#### Exercise objective
Repeat the whole listing below precisely. Omit all pictures.

##############################

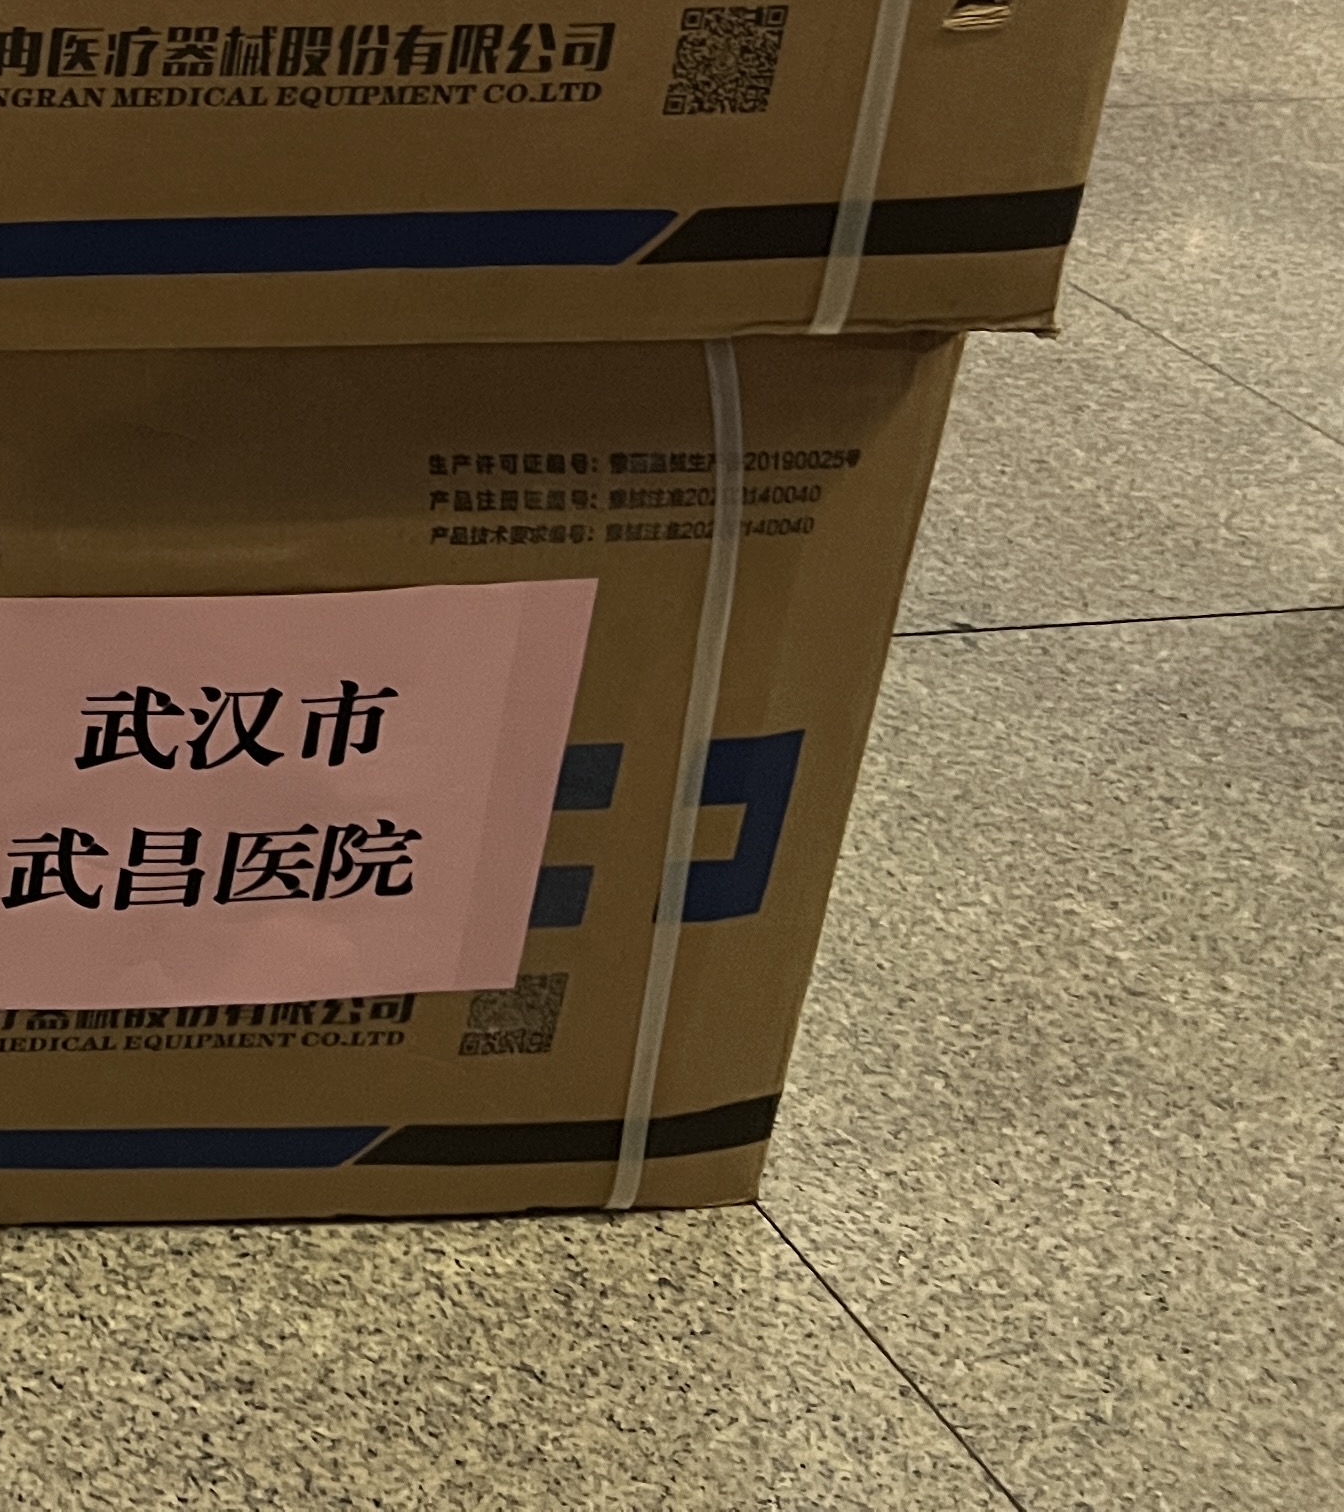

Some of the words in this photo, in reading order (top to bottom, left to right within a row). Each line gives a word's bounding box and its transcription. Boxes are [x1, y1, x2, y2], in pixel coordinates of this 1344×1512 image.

[110, 86, 268, 108] MEDICAL
[275, 84, 477, 108] EQUIPMENT
[74, 679, 399, 771] 武汉市
[1, 818, 422, 911] 武昌医院
[123, 1032, 297, 1051] EQUIPMENT

##############################

#### Output below
Some of the words in this photo, in reading order (top to bottom, left to right within a row). Each line gives a word's bounding box and its transcription. Boxes are [x1, y1, x2, y2], in pixel coordinates of this 1344×1512 image.

[110, 86, 268, 108] MEDICAL
[275, 84, 477, 108] EQUIPMENT
[74, 679, 399, 771] 武汉市
[1, 818, 422, 911] 武昌医院
[123, 1032, 297, 1051] EQUIPMENT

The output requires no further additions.